Creating a model for ethnicity
We aim to represent ethnicity as a hierarchical structure to enable aggregate-level population health analysis with ethnicity-linked data.
Instead of creating our own model, we are adopting an established one. We evaluated two existing models: ONS 2021 England & Wales Census Ethnic group classifications and NHS England Data Dictionary Ethnic Category Code 2001a. We compared them using these criteria:
- Coverage & granularity – detail level captured
- Interoperability and Integration – alignment with NHS standards and external compatibility
- Usability for Data Consumers – analyst-friendly design and clarity for public reporting
Height, weight & BMI
In this test we aim to set a single, enforceable standard for height, weight, and BMI in the Somerset LDP so data from GP/PCN, Trusts, Councils, Hospices, Ambulance, and ICBs have comparable, reproducible, and safe data for PHM and inequalities analysis.
- Standardise inputs, codes, and storage using UK Core FHIR and SNOMED.
- Define selection rules for multiple measures and handling of missing or non-reproducible BMI.
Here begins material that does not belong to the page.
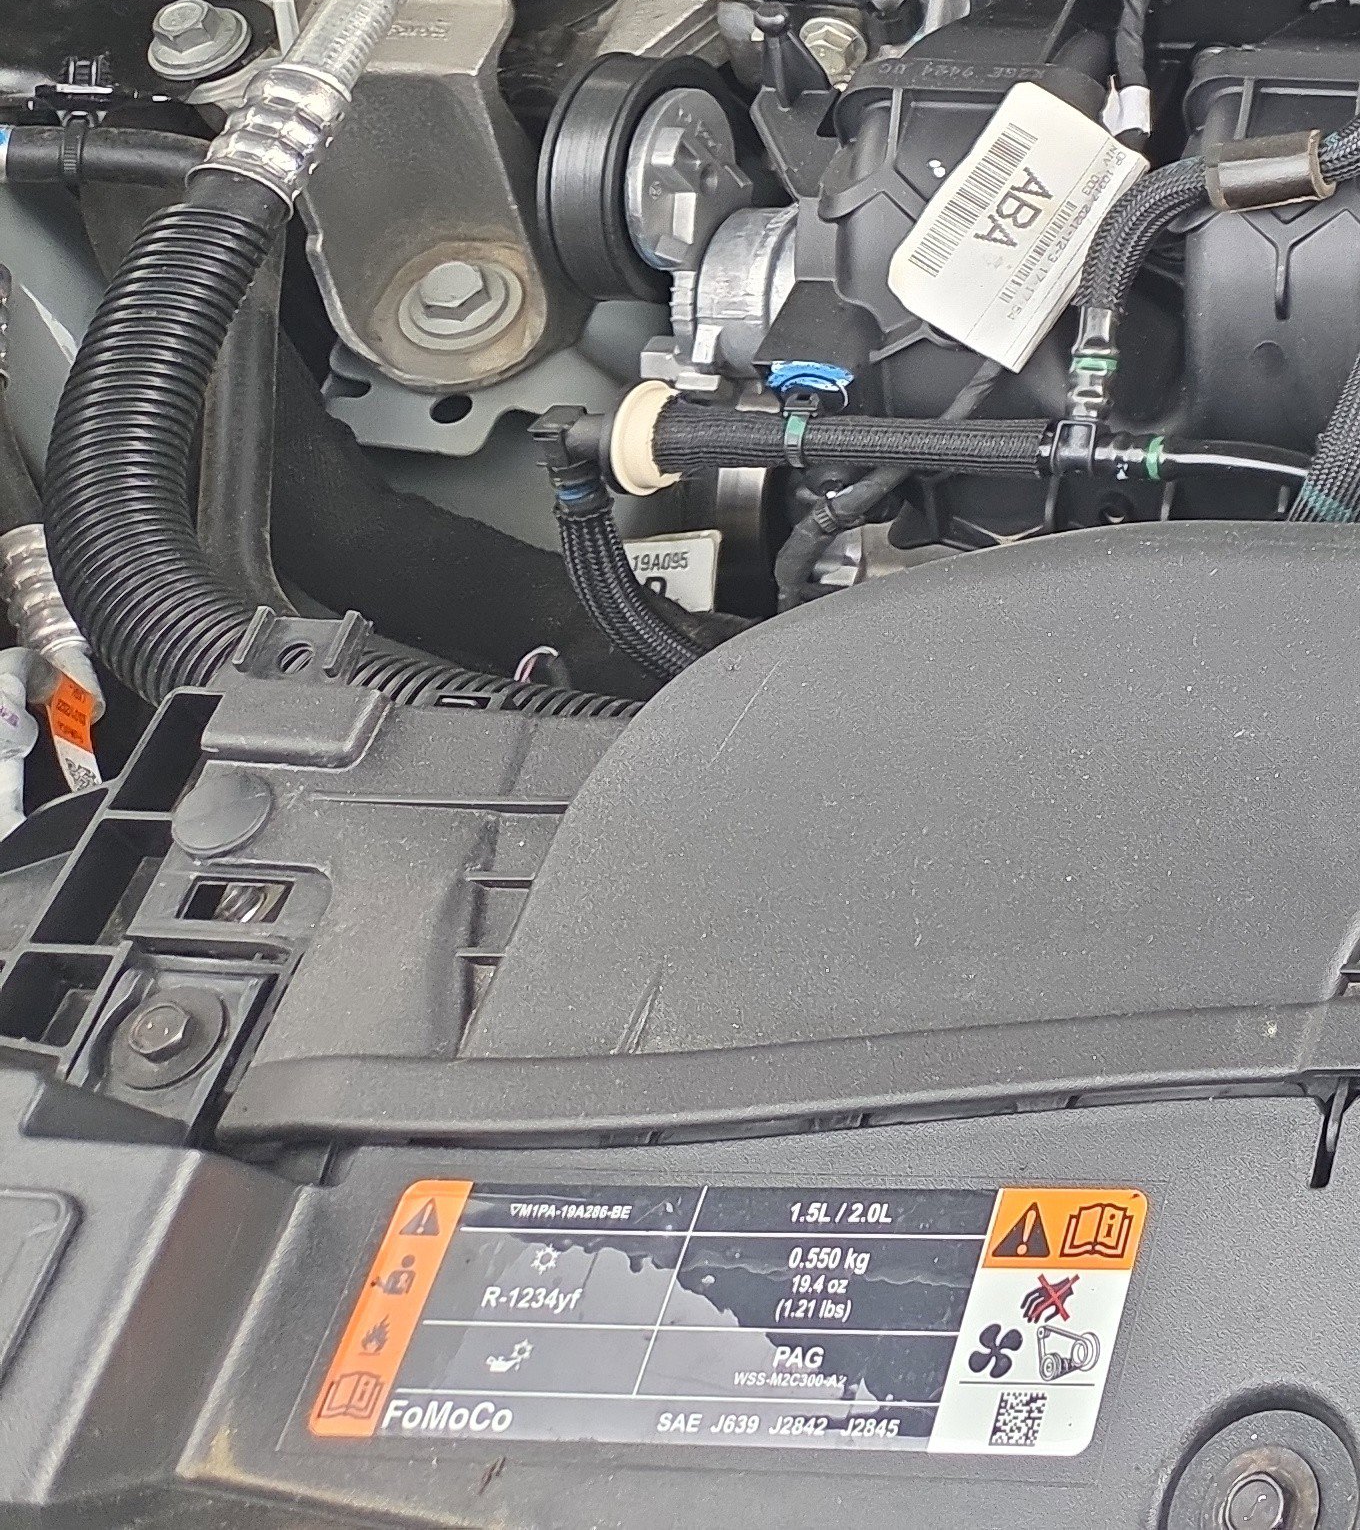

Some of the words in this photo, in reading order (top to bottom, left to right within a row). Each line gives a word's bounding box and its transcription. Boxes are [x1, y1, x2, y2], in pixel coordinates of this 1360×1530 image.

- Enable analysis though common validation, provenance, and recency rules.
Conditions
We need to offer a consistent, flexible framework for representing conditions across providers (GPs, hospitals, community, council, hospice).
Approach:
- Inputs = SNOMED, ICD-10, and others.
- ICD-10 = backbone for consistency.
- NICE = reporting categories.
- QOF = practical priorities.
- HRCS = deprioritised.
Our model supports three levels:
- Raw codes (SNOMED/ICD-10/others).
- Grouped categories (NICE/QOF).
- Plain-language labels (e.g. “Memory problems”).
User needs
API-first
This approach promotes better collaboration, allows for parallel development processes, and enhances the overall scalability and flexibility of the system, making it easier to integrate with third-party services and adapt to changing business needs.
DIIS & FDP Dashboards
Alongside the API-first strategy will will work with colleagues across the cluster to maximise the value of prebuilt DIIS (Dorset Intelligence & Insight Service) and FDP Dashboards.
Risk Stratification
The LDP will also allow us to plug into and roll out risk stratification tools at scale, be they Brave AI or Dorset’s in-house tool.
Data as a Product
A ‘data as a product’ strategy involves treating data as a core asset that can be leveraged to create value for the ICB and partners. This approach focuses on collecting, analysing, and packaging data in a way that it can be easily consumed and utilised by its users (via our API platform). By developing data-driven products, we can provide insights, enhance decision-making, and offer greater research opportunities. Ultimately, data as a product fosters innovation and can lead to a thriving partner ecosystem.
What is an API?
Similar to a librarian, an API can assist patrons in finding and accessing information. In the case of LDP our patrons can be people or they can be other computer systems. Where a library holds well curated books, LDP holds well curated data sets. The API is the gateway to those data sets.
Engagement
To process the special category data in the platform we will need to get section 251 approval from CAG (The Confidentiality Advisory Group). To submit the application we need evidence that we have engaged our communities on the approach we’re taking to data sharing. Helping them understand their rights around opting out, the approach we’re taking to ethical decision making and how they can get involved. Engagement started at the end of September, we will be submitting for Section 251 approval in January but will continue community engagement until March.
We have asked for help from Healthwatch Somerset, who have created an online survey and have sent it out to their contact list.